I think of him now with that last wave ; digging the fresh furrows ; cutting open the ground in spring ; the robin perched on his head , in the tangle of his long wind blown hair ; and the wheel barrow ; the articulate gesture he'd made so devotedly to a four year old boy .
I take back the layers of paint and creosote and see the artistry of a man left on the farm . Who should have been making Chippendale chairs , delicate tables , which seem to have grown from the very soil itself .and I see the depth of his sense of family ; his filial loyalty his sense of clan of an ancient tribe of Clare
I see the layers of


I too come from the seeds of this opened soil , where I and we all shall return .and as I too grow older I feel the sense of tide and stream ; of wind and crash of wave ; ocean beating relentlessly on the Cliffs of Moher . Times of exuberance and misery side by side ,or one following on the heels of the other .Times of strife , rebellion , war and eventual Republic .Of times of parting and of coming together ; the joy of a newborn child and the waking of the deceased .
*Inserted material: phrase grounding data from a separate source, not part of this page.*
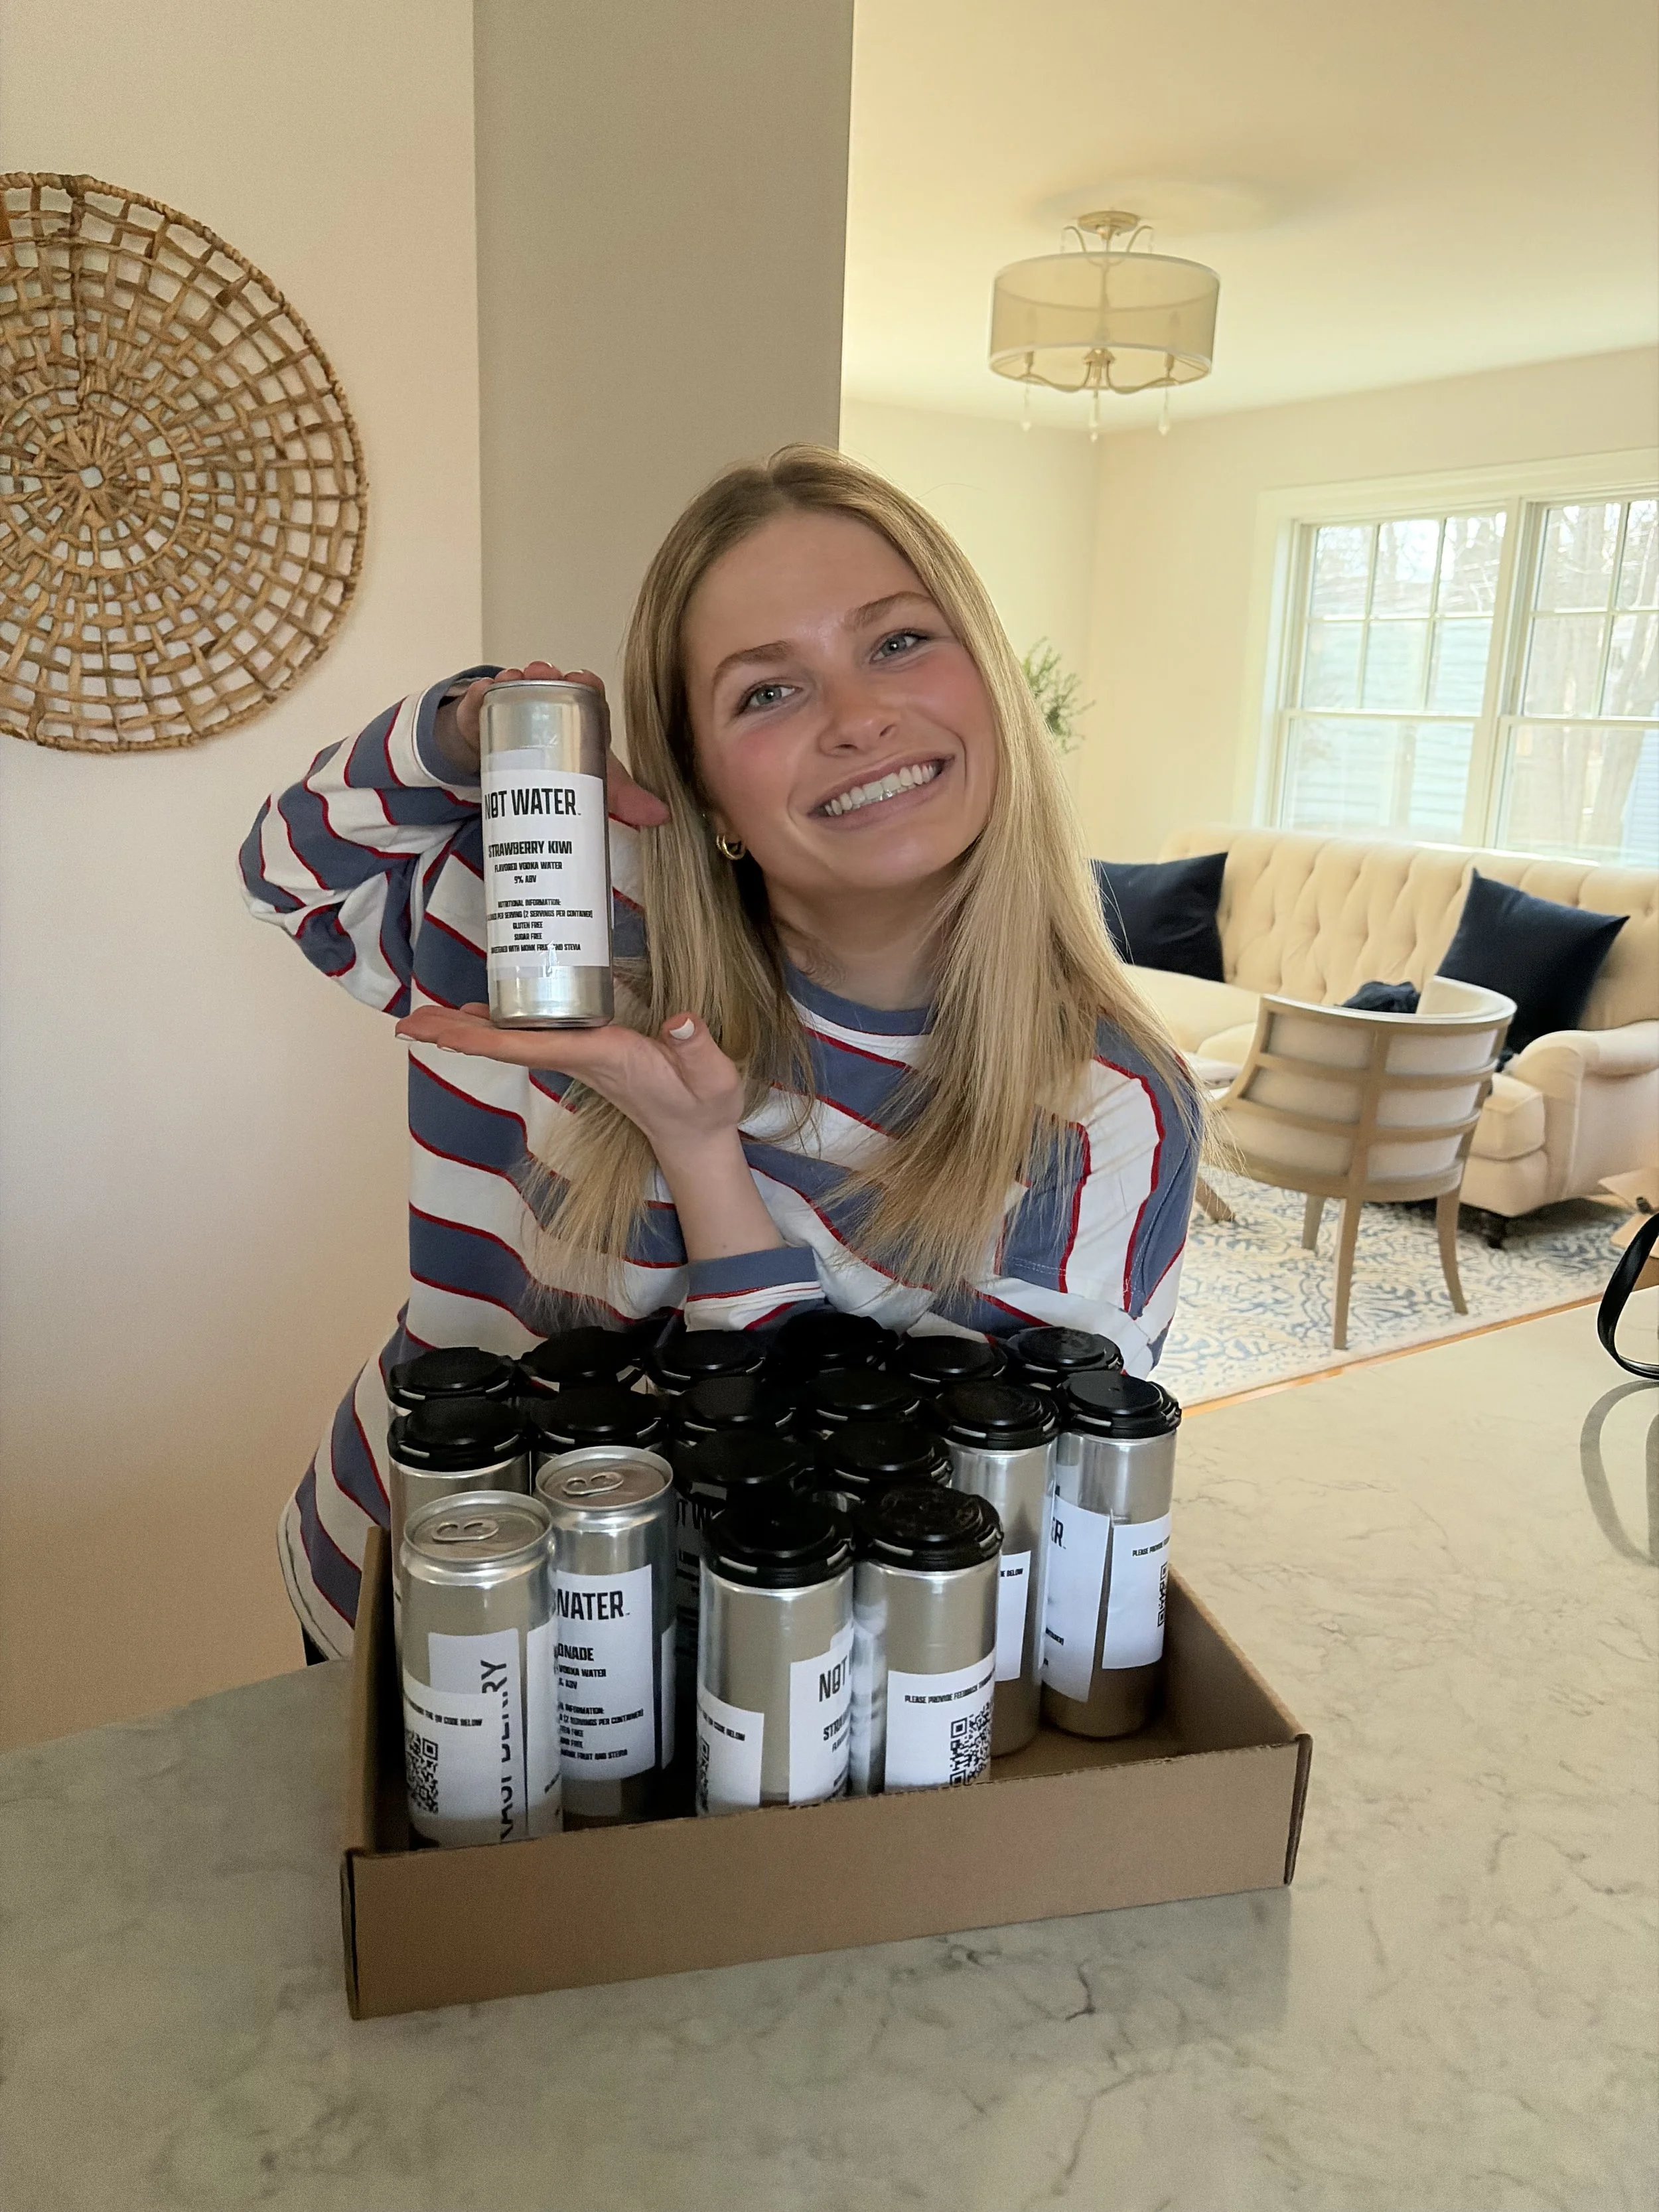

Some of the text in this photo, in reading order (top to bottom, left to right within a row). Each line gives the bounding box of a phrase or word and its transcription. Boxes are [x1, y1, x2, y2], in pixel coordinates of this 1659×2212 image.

[488, 841, 573, 858] STRAWBERRY KIWI
[494, 863, 518, 873] FLAVORED
[498, 900, 524, 909] NUTRITIONAL
[523, 910, 529, 919] (2
[567, 910, 593, 919] CONTAINER)
[1132, 1547, 1149, 1556] PLEASE
[1006, 1568, 1023, 1577] BELOW
[557, 1643, 594, 1661] ONADE
[581, 1668, 607, 1677] WATER
[904, 1694, 927, 1704] PLEASE
[928, 1693, 954, 1704] PROVIDE
[460, 1718, 483, 1727] BELOW
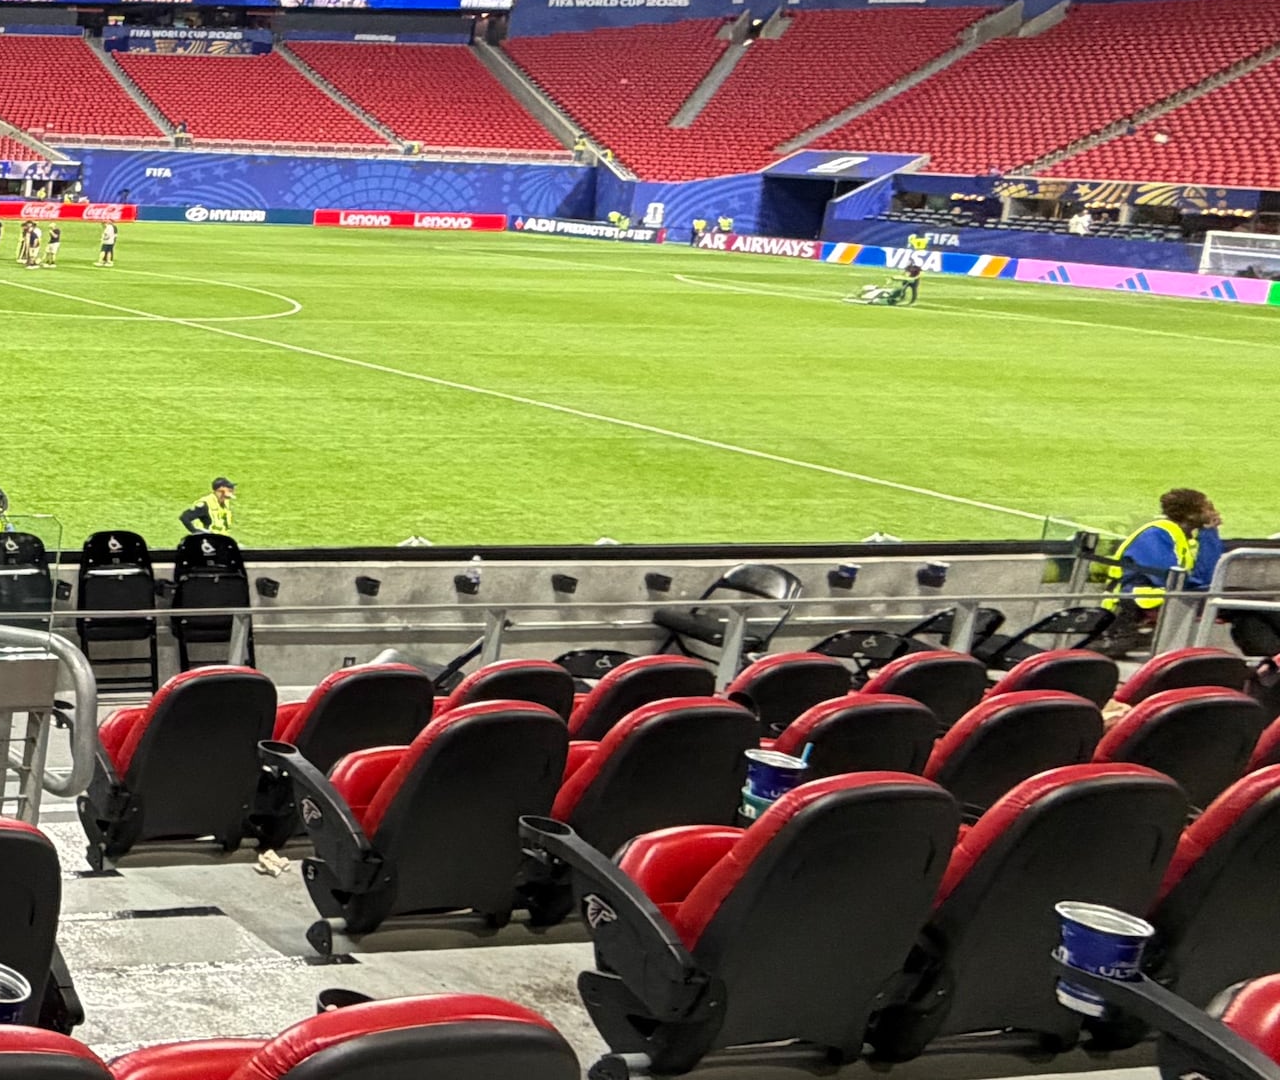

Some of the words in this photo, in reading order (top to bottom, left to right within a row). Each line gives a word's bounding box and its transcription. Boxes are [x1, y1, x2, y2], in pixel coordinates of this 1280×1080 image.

[129, 29, 151, 38] FIFA
[187, 30, 208, 39] CUP
[145, 167, 172, 178] FIFA
[209, 209, 266, 222] HYUNDAI
[339, 211, 392, 227] Lenovo
[413, 213, 473, 229] Lenovo
[523, 218, 556, 232] ADI
[731, 235, 816, 258] AIRWAYS
[924, 232, 960, 247] FIFA
[881, 246, 943, 272] VISA
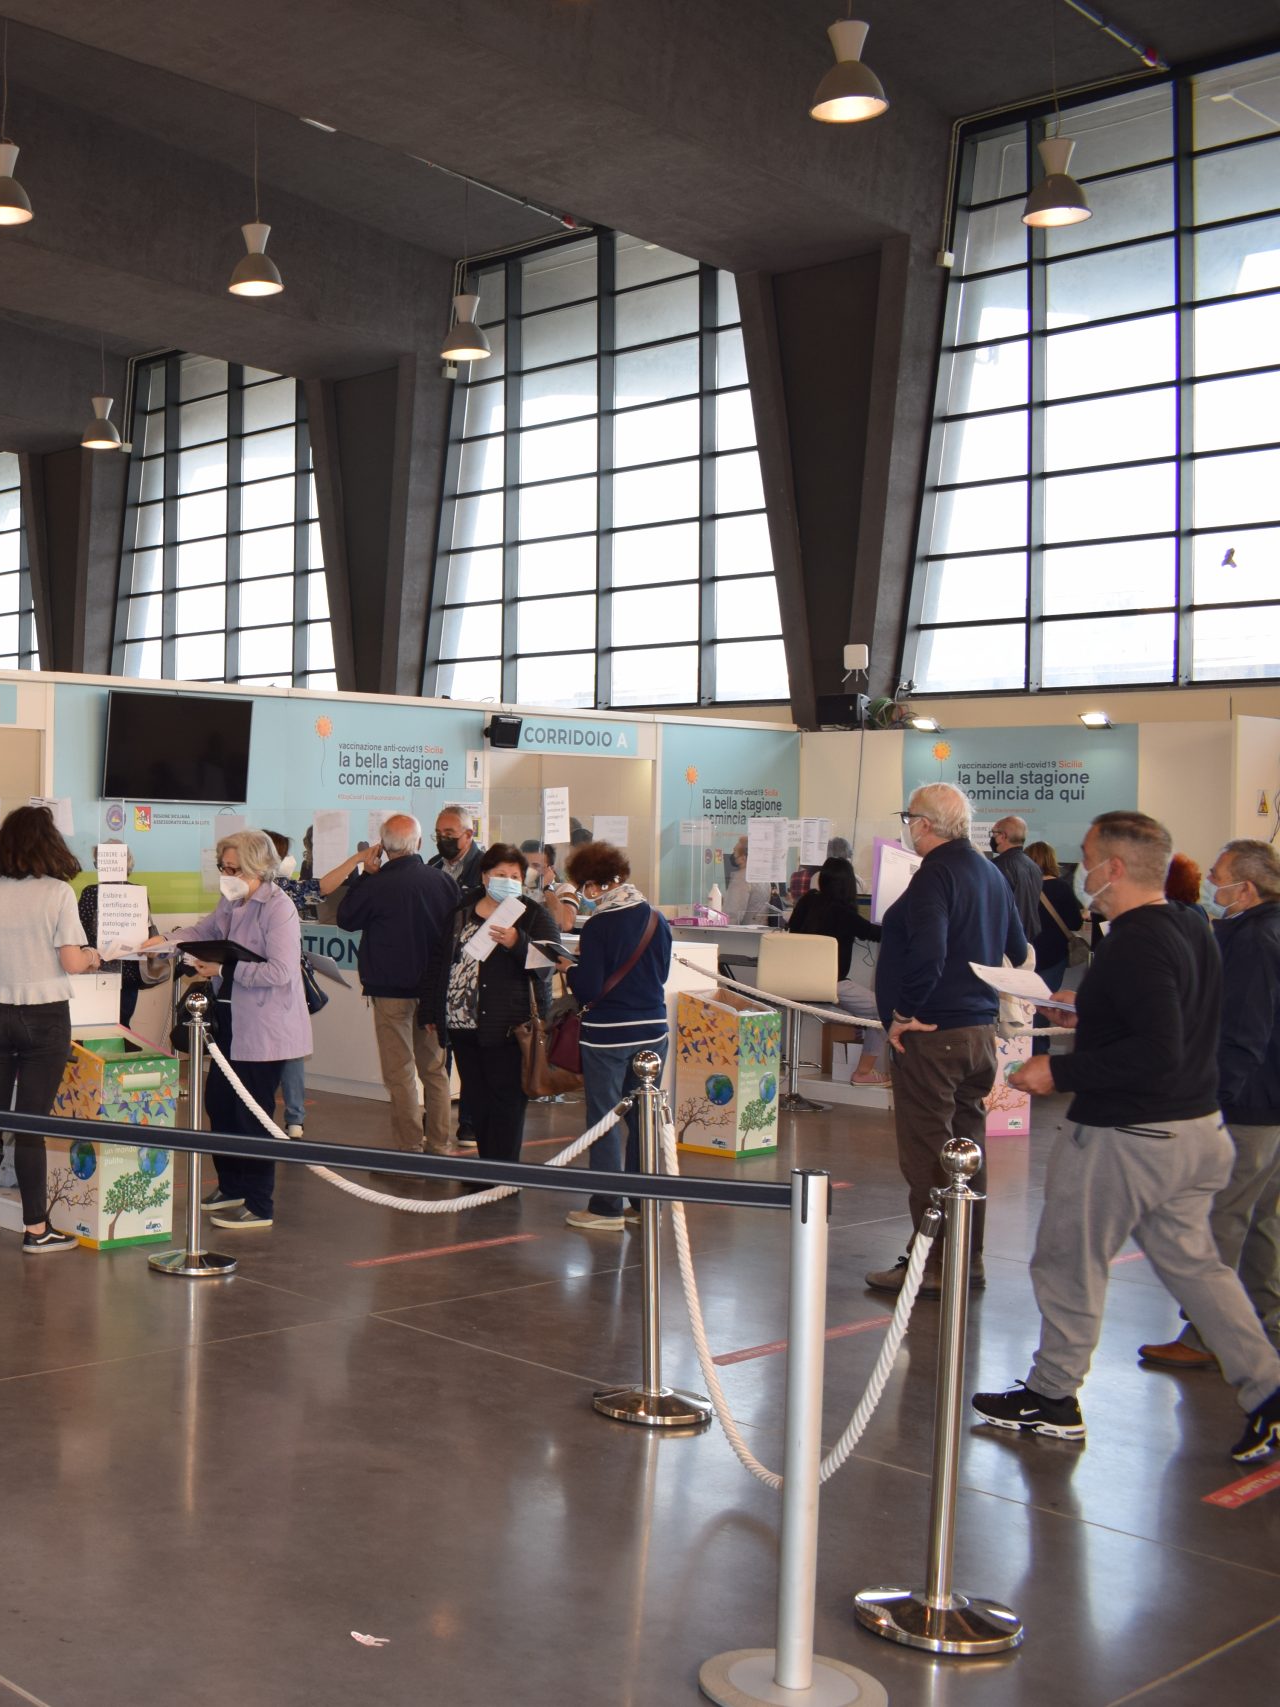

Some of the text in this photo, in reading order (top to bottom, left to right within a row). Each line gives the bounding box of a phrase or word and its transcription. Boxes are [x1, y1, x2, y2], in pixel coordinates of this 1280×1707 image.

[524, 726, 628, 748] CORRIDOIO A
[339, 742, 444, 754] vaccinazione anti-covid19 Sicilia
[339, 751, 449, 773] la bella stagione
[957, 760, 1083, 769] vaccinazione anti-covid19 Sicilia
[338, 771, 445, 788] comincia da qui
[958, 771, 1090, 787] la bella stagione
[1034, 786, 1054, 800] da
[1060, 786, 1085, 803] qui
[702, 796, 782, 813] la bella stagione
[303, 936, 359, 963] TION
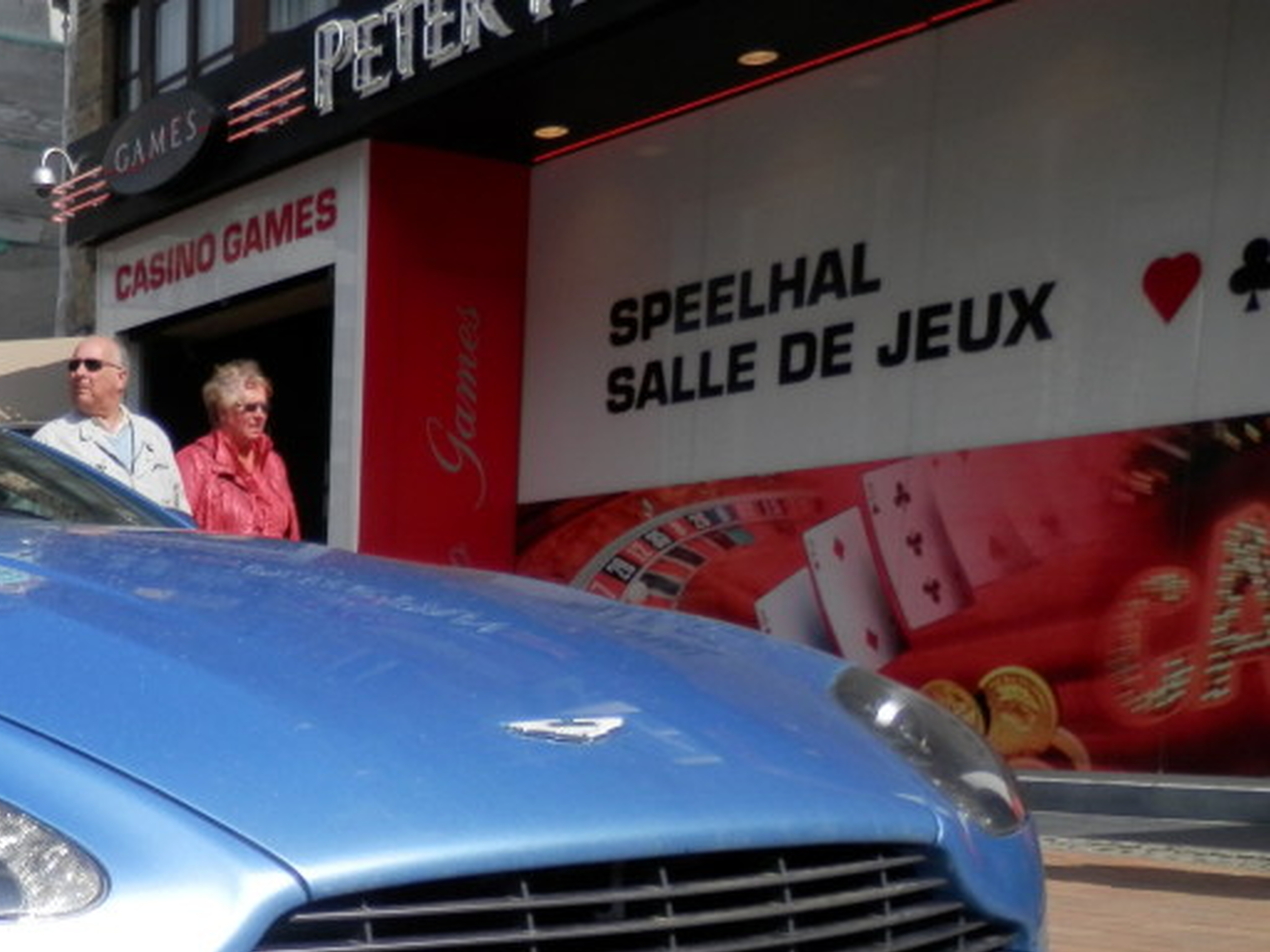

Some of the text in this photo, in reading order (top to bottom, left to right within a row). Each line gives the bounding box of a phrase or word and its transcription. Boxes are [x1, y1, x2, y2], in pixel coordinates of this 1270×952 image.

In the deep valley of that homestead of my forebears I am frail against their demands . But I feel the heart pulse through the ground , the still slabs , the flagstones which ground me ; the slanted watchful eyes of the stone walls of Clare ;the whisper of the wind through its tilted slits like a flute as yet unplayed .
I see the little pretences of the letter of officialdom from the UN ; the Jaguar in the paddock , my uncle returning from the UK walking up the avenue , wind blowing his fawn Crombie overcoat ; his Jaguar parked in the front yard , his taking a pale of milk from his father and pouring it down the drain ; As a doctor he could do nothing ;;Nothing '' for his father - my grandfather unless he prepared himself for the operation on his prostate which he had organised in Harley Street . ''a half pail at a time '' - he insisted , and his father went inside and I followed him , just to see him light his pipe so slowly , ruminating and when the first puffs of magnificent blue and grey came from the corner of his mouth filling the air with an aroma I adored …then he would give me a half crown and say
''don't say anything to your father '' - He would wink . It was our secret . Then we would walk ouut the back door , and crossing a little stream he would take the pipe from his mouth and point
'' that where JoJo Nono fell .!!.'' Right there ..''
And when I asked my father who Jojo nono was he looked at in a wild surprise and asked me who told you about him''
''Pappa told me where he fell ..did he die there ??
I never got the answer .






Now , and for some time I am shackled to that child's wheelbarrow , which I got on my fourth birthday . It is always with me to remind me of the burden ; it carries the compass of all morality and laws of my imposed nature , soil and kin and race and tribe , which are determined by the invigilators of my race . But now I can only try to pull much more and push much less , for as I age I acquiesce to the things that simply are , and the road which has hurry and neither has it turning .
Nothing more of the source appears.